=== PROVIDED RECORDS ===
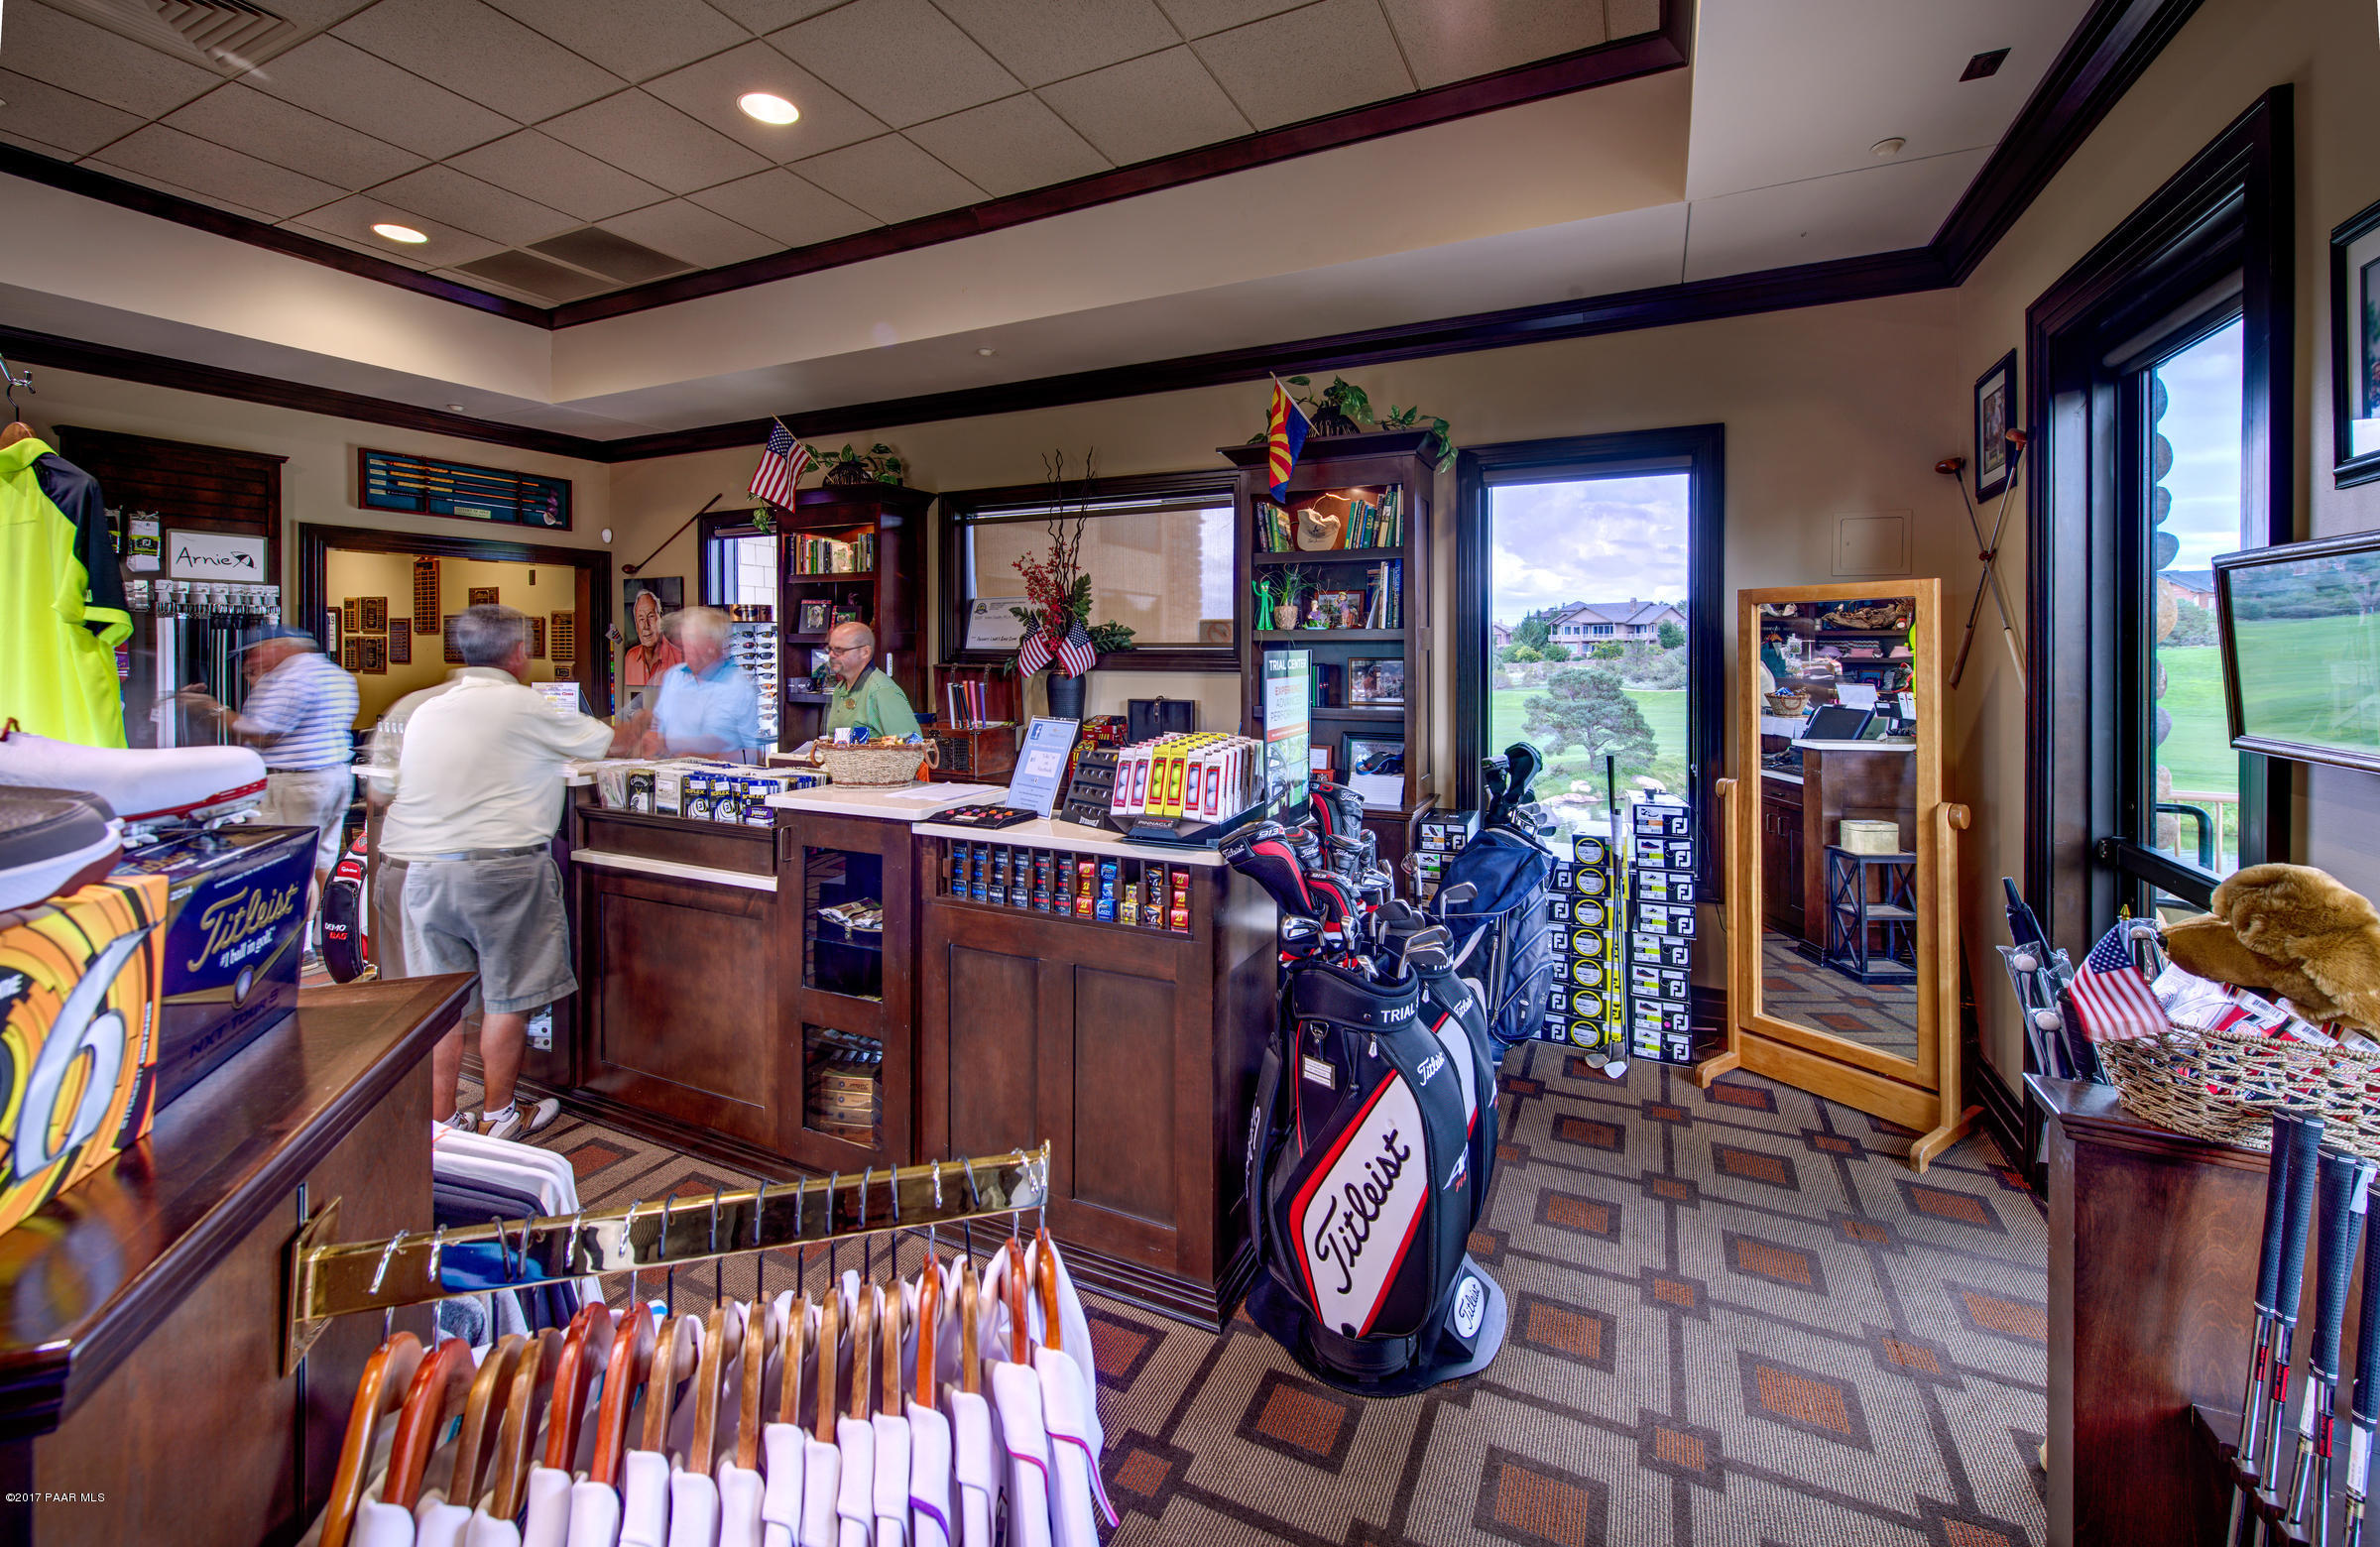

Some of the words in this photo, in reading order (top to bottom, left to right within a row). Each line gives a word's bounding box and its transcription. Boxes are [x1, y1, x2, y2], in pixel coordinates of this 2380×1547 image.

[176, 546, 231, 567] Arnie
[1269, 659, 1286, 671] TRIAL
[1287, 658, 1307, 668] CENTER
[1672, 817, 1688, 834] FJ
[1452, 835, 1466, 850] FJ
[1676, 851, 1692, 868] FJ
[1558, 872, 1572, 888] FJ
[1678, 884, 1693, 900] FJ
[1555, 902, 1569, 918] FJ
[186, 882, 298, 972] Titleist
[324, 922, 347, 931] DEMO
[1678, 916, 1694, 934] FJ
[1553, 932, 1569, 950] FJ
[230, 942, 247, 965] ball
[246, 939, 256, 955] in
[1672, 948, 1688, 964] FJ
[1670, 980, 1686, 998] FJ
[1551, 994, 1567, 1010] FJ
[1380, 1004, 1416, 1023] TRIAL
[1673, 1013, 1689, 1031] FJ
[1551, 1023, 1566, 1041] FJ
[1674, 1043, 1690, 1061] FJ
[1417, 1051, 1446, 1087] Titleist
[1315, 1129, 1410, 1295] Titleist
[1458, 1283, 1481, 1330] Titleist
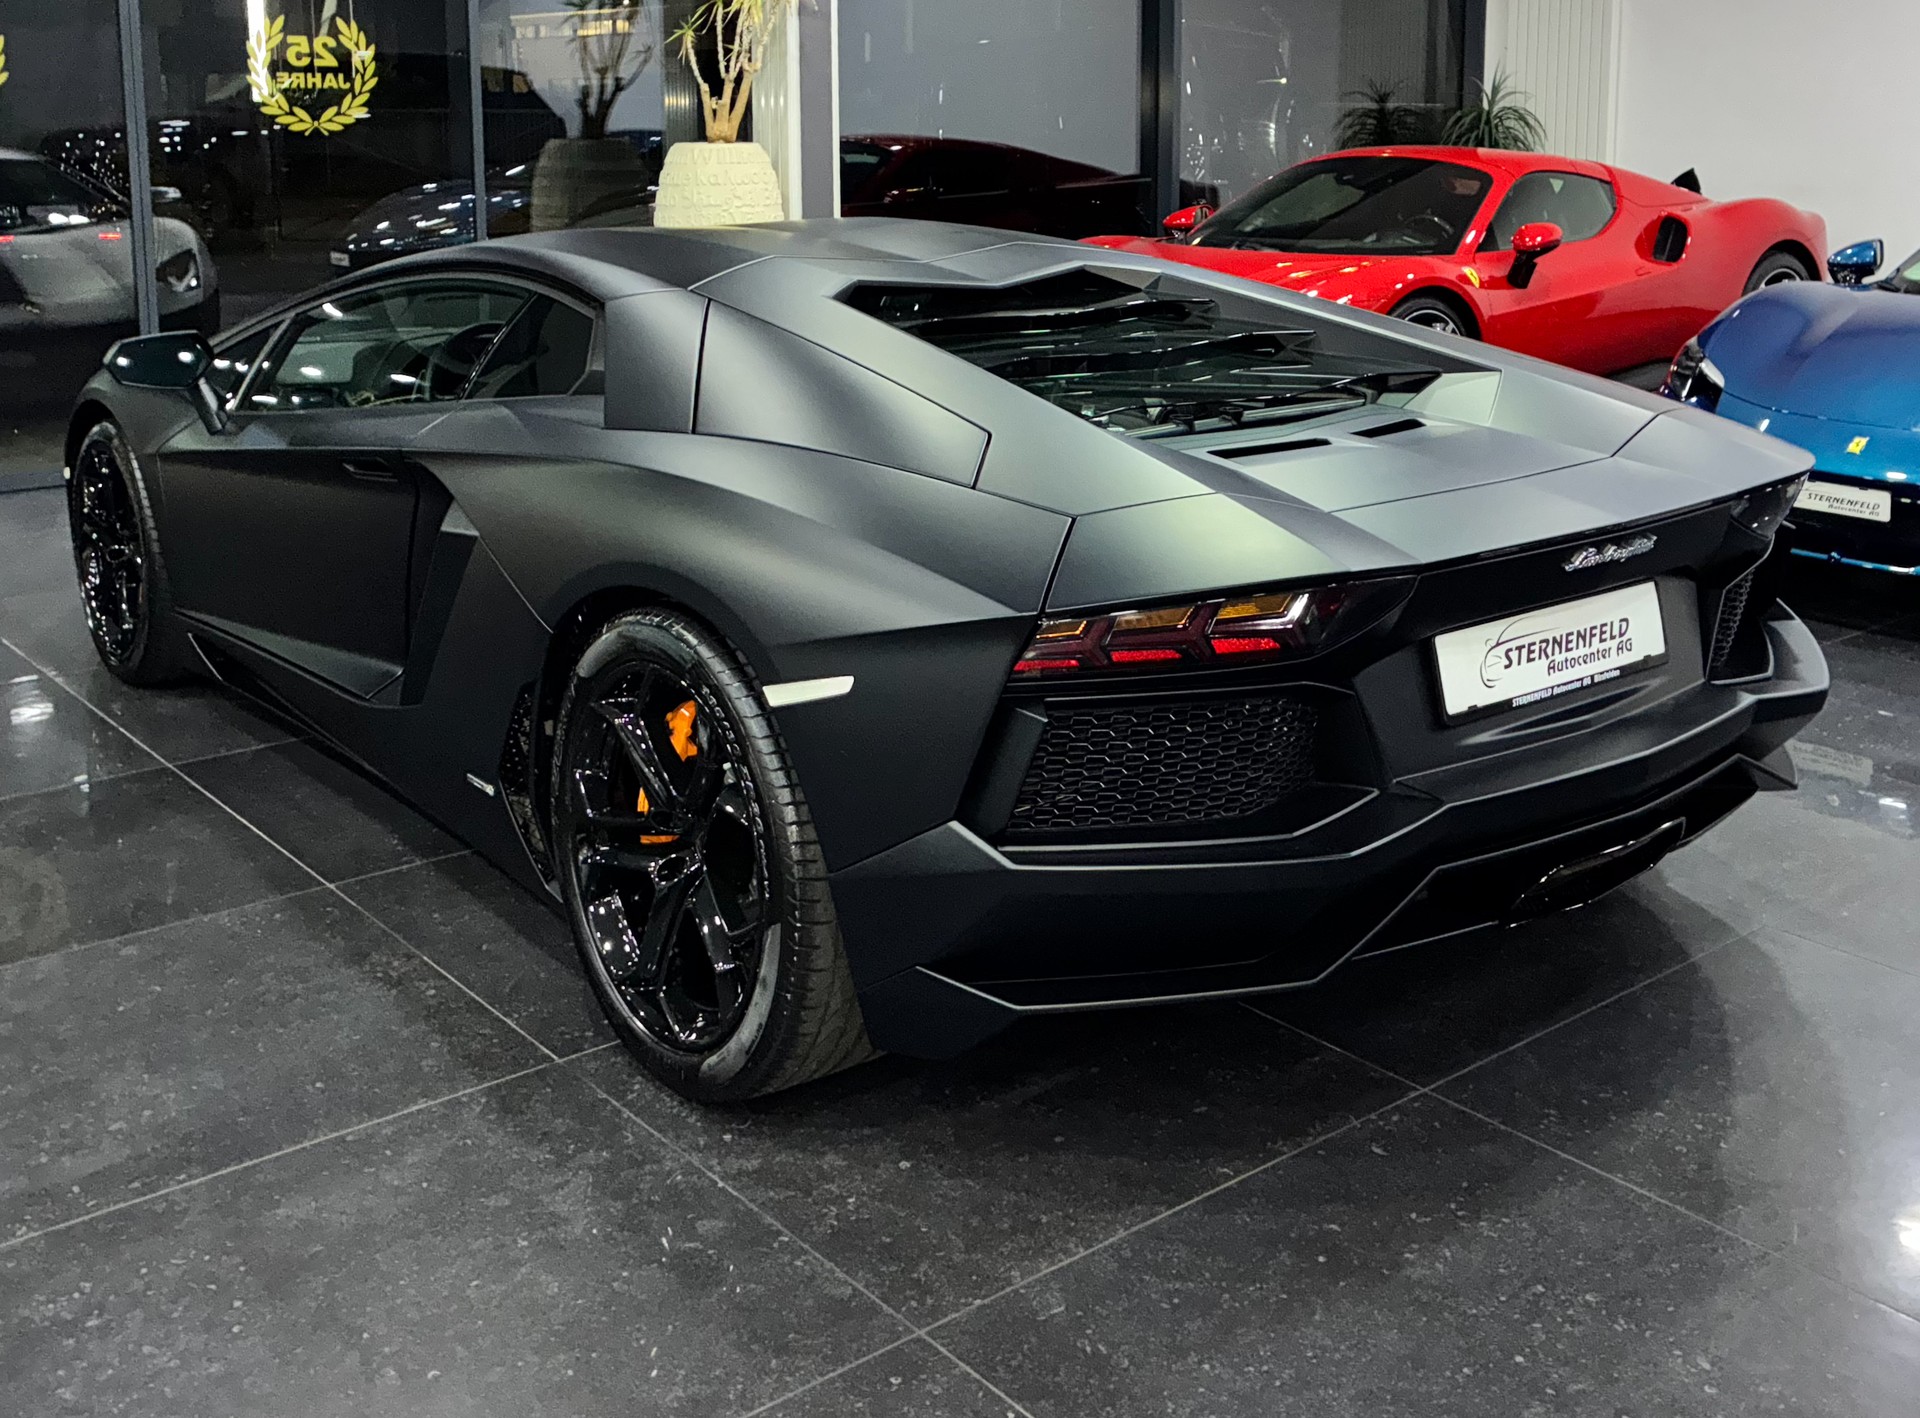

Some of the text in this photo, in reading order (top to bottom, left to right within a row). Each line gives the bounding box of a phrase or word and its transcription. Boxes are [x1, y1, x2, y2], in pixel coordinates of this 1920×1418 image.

[1807, 492, 1881, 512] STERNENFELD
[1828, 504, 1866, 515] Autocenter
[1503, 617, 1630, 670] STERNENFELD
[1546, 637, 1633, 676] Autocenter AG
[1511, 687, 1553, 708] STERNENFELD
[1553, 679, 1583, 696] Autocenter
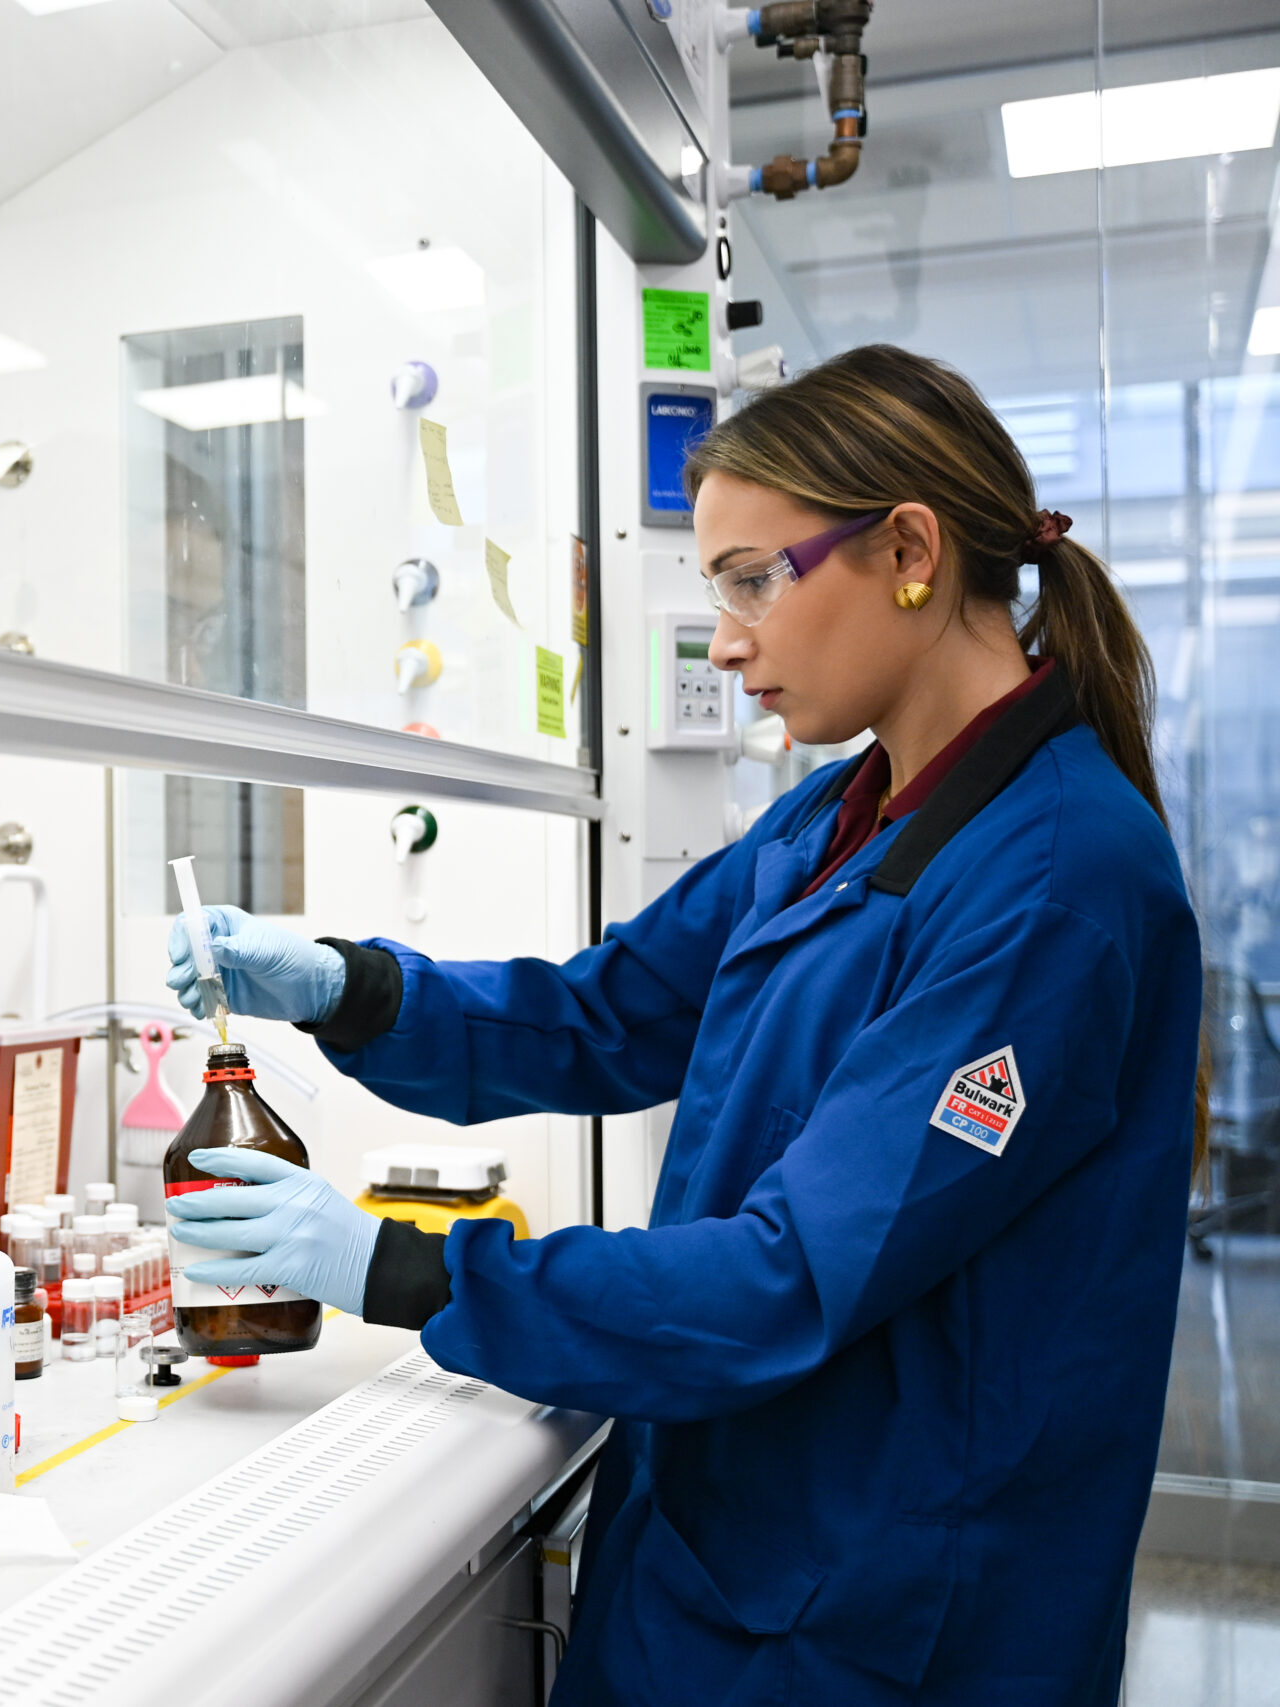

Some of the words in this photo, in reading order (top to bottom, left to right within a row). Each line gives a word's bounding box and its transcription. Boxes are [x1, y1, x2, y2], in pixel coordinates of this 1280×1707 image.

[950, 1098, 967, 1113] FR
[968, 1108, 981, 1118] CAT
[953, 1080, 1014, 1118] Bulwark
[951, 1115, 969, 1128] CP
[969, 1123, 989, 1139] 100

=== TASK TO COMPLETE ===
Give the listing again word for word, but drop every picture.

=== EXERCISE RESULT ===
Some of the words in this photo, in reading order (top to bottom, left to right within a row). Each line gives a word's bounding box and its transcription. Boxes are [x1, y1, x2, y2], in pixel coordinates of this 2380×1547 image.

[176, 546, 231, 567] Arnie
[1269, 659, 1286, 671] TRIAL
[1287, 658, 1307, 668] CENTER
[1672, 817, 1688, 834] FJ
[1452, 835, 1466, 850] FJ
[1676, 851, 1692, 868] FJ
[1558, 872, 1572, 888] FJ
[1678, 884, 1693, 900] FJ
[1555, 902, 1569, 918] FJ
[186, 882, 298, 972] Titleist
[324, 922, 347, 931] DEMO
[1678, 916, 1694, 934] FJ
[1553, 932, 1569, 950] FJ
[230, 942, 247, 965] ball
[246, 939, 256, 955] in
[1672, 948, 1688, 964] FJ
[1670, 980, 1686, 998] FJ
[1551, 994, 1567, 1010] FJ
[1380, 1004, 1416, 1023] TRIAL
[1673, 1013, 1689, 1031] FJ
[1551, 1023, 1566, 1041] FJ
[1674, 1043, 1690, 1061] FJ
[1417, 1051, 1446, 1087] Titleist
[1315, 1129, 1410, 1295] Titleist
[1458, 1283, 1481, 1330] Titleist

Some of the text in this photo, in reading order (top to bottom, left to right within a row). Each line gives the bounding box of a phrase or word and its transcription. Boxes are [x1, y1, x2, y2], in pixel coordinates of this 1920×1418 image.

[1807, 492, 1881, 512] STERNENFELD
[1828, 504, 1866, 515] Autocenter
[1503, 617, 1630, 670] STERNENFELD
[1546, 637, 1633, 676] Autocenter AG
[1511, 687, 1553, 708] STERNENFELD
[1553, 679, 1583, 696] Autocenter

Some of the words in this photo, in reading order (top to bottom, left to right within a row). Each line gives a word's bounding box and its transcription. Boxes are [x1, y1, x2, y2], in pixel coordinates of this 1280×1707 image.

[950, 1098, 967, 1113] FR
[968, 1108, 981, 1118] CAT
[953, 1080, 1014, 1118] Bulwark
[951, 1115, 969, 1128] CP
[969, 1123, 989, 1139] 100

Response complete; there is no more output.